---- RECORDS TO PROCESS

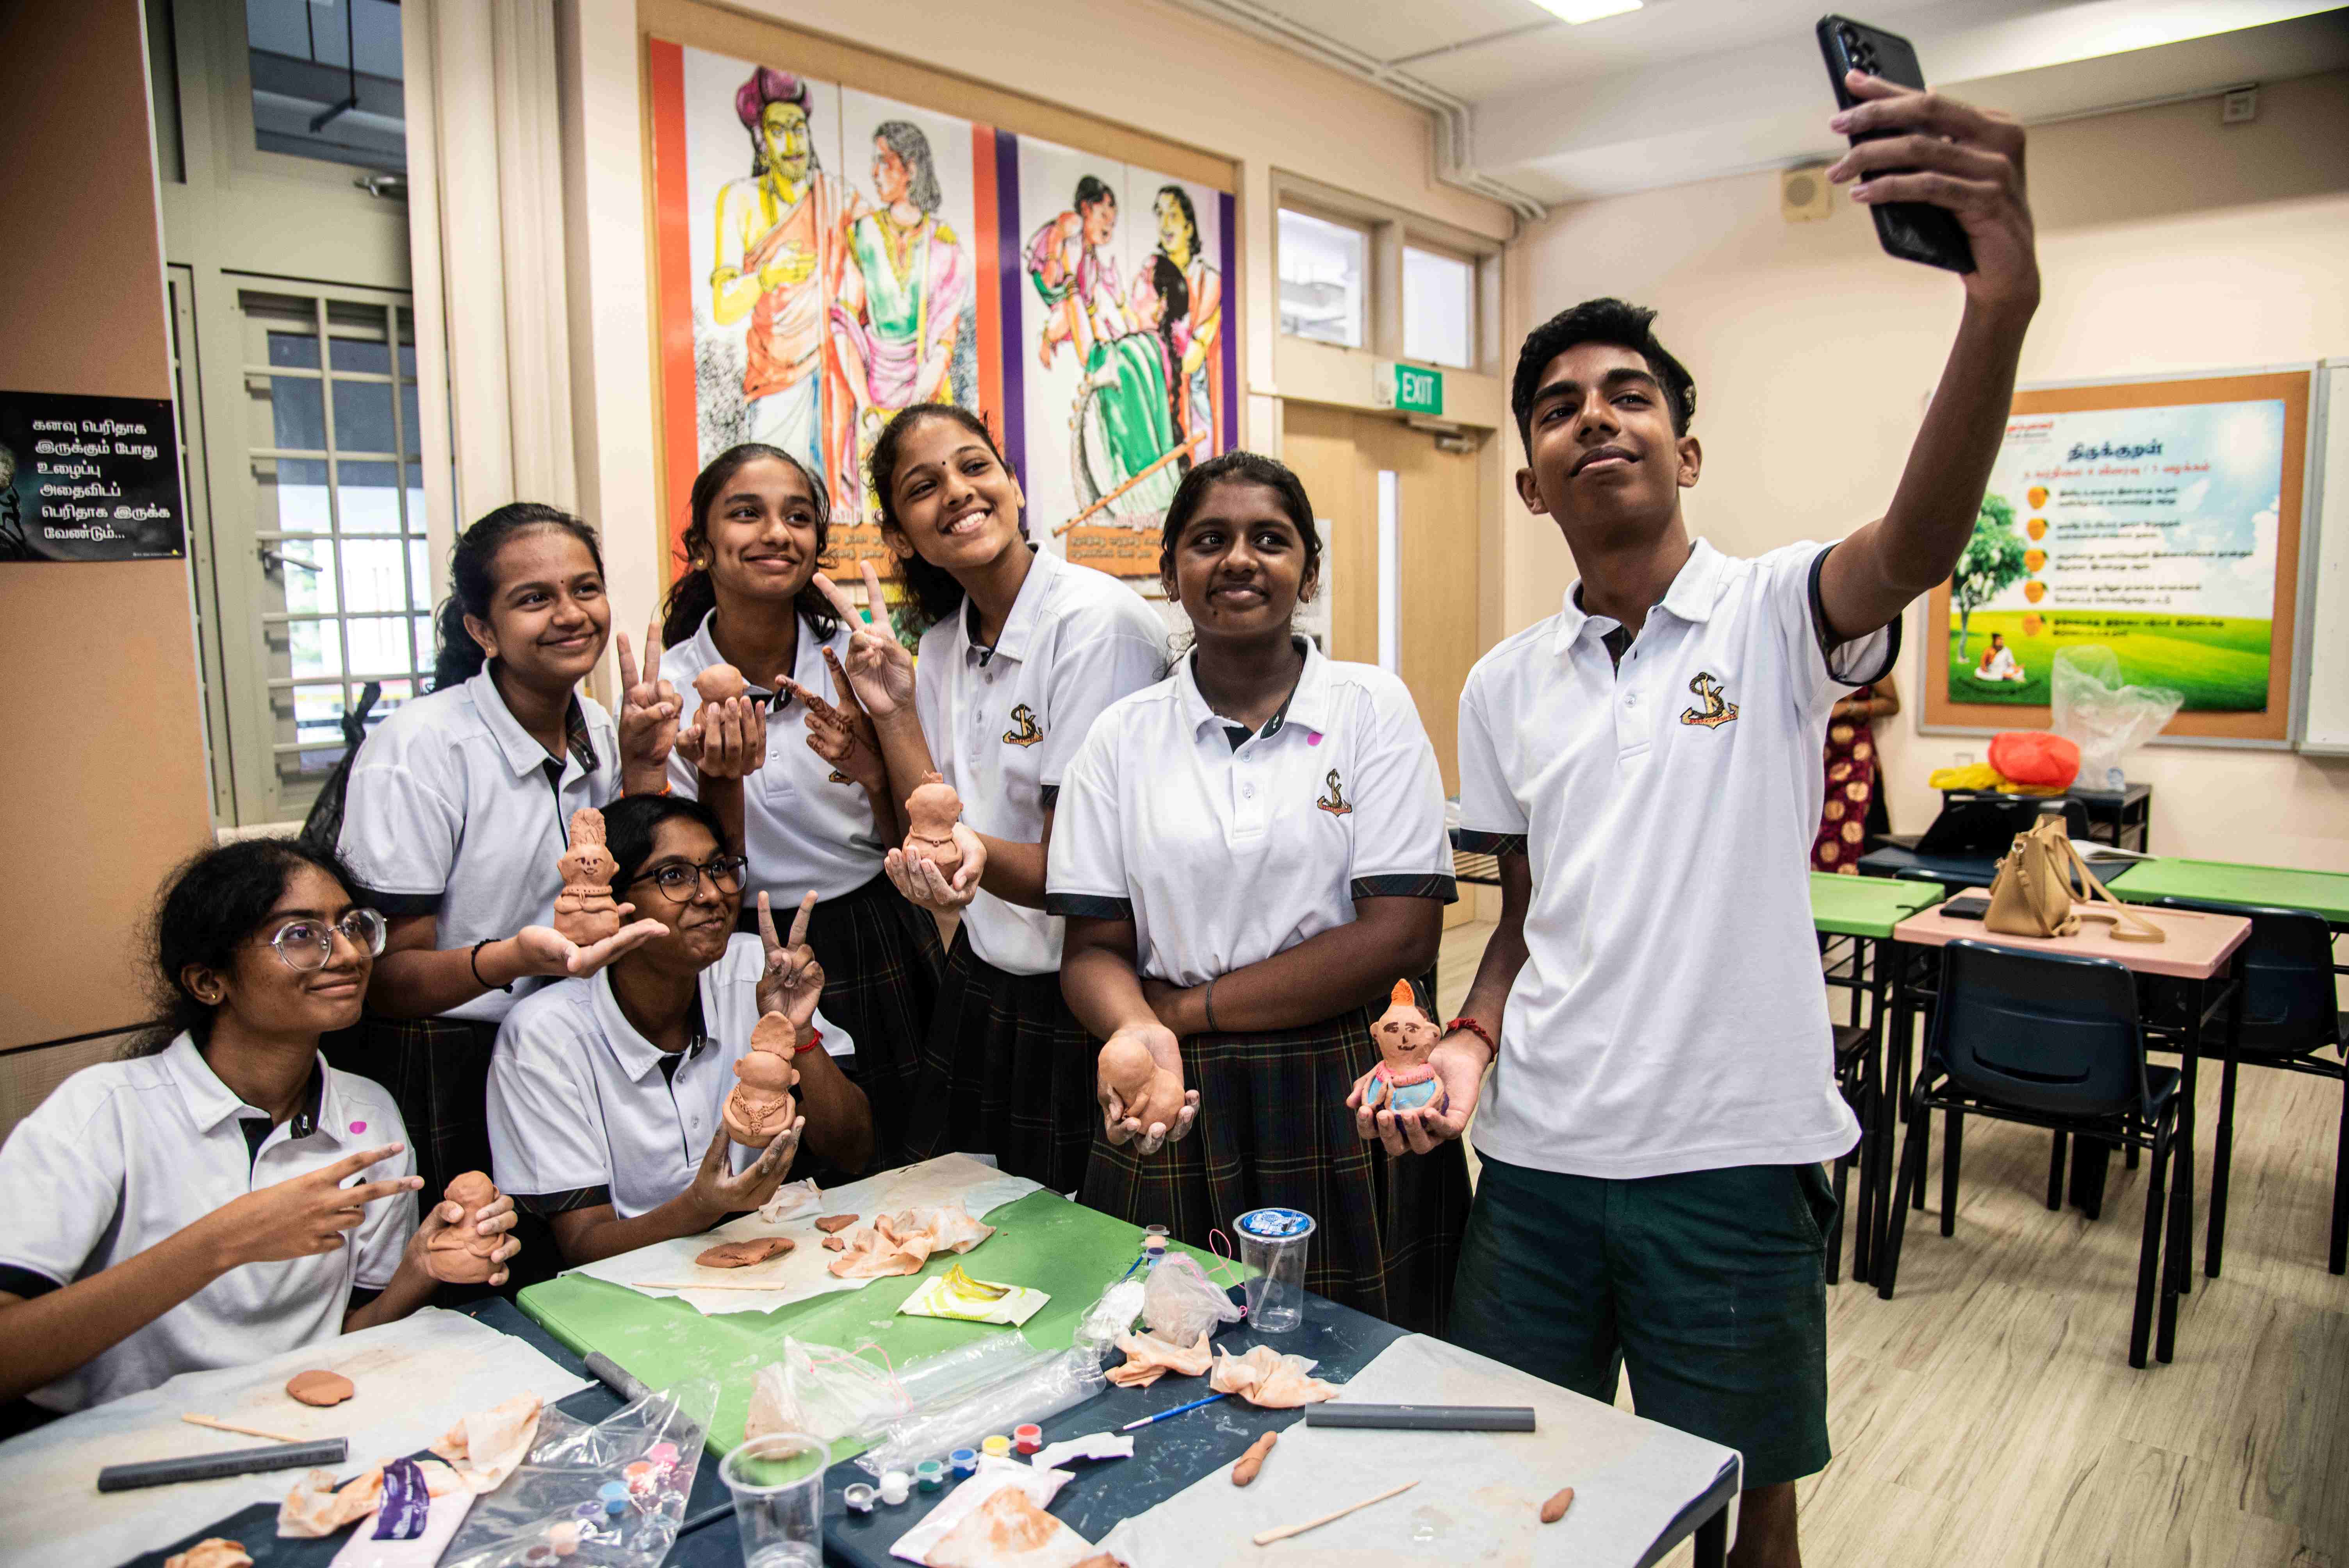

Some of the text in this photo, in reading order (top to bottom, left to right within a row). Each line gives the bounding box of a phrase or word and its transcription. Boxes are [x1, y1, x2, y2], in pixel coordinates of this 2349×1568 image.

[1402, 372, 1434, 404] EXIT
[33, 419, 147, 437] கனவு பெரிதாக
[35, 437, 158, 460] இருக்கும் போது
[2067, 438, 2163, 463] திருக்குறள்
[37, 459, 101, 479] உழைப்பு
[40, 481, 121, 500] அதைவிடப்
[41, 502, 171, 521] பெரிதாக இருக்க
[44, 523, 125, 542] வேண்டும்...

--------

# WHAT IS NEEDED
Although the records include pictures, output only their text, exactly and completely.

# SOLVED PROBLEM
Some of the text in this photo, in reading order (top to bottom, left to right within a row). Each line gives the bounding box of a phrase or word and its transcription. Boxes are [x1, y1, x2, y2], in pixel coordinates of this 2349×1568 image.

[1402, 372, 1434, 404] EXIT
[33, 419, 147, 437] கனவு பெரிதாக
[35, 437, 158, 460] இருக்கும் போது
[2067, 438, 2163, 463] திருக்குறள்
[37, 459, 101, 479] உழைப்பு
[40, 481, 121, 500] அதைவிடப்
[41, 502, 171, 521] பெரிதாக இருக்க
[44, 523, 125, 542] வேண்டும்...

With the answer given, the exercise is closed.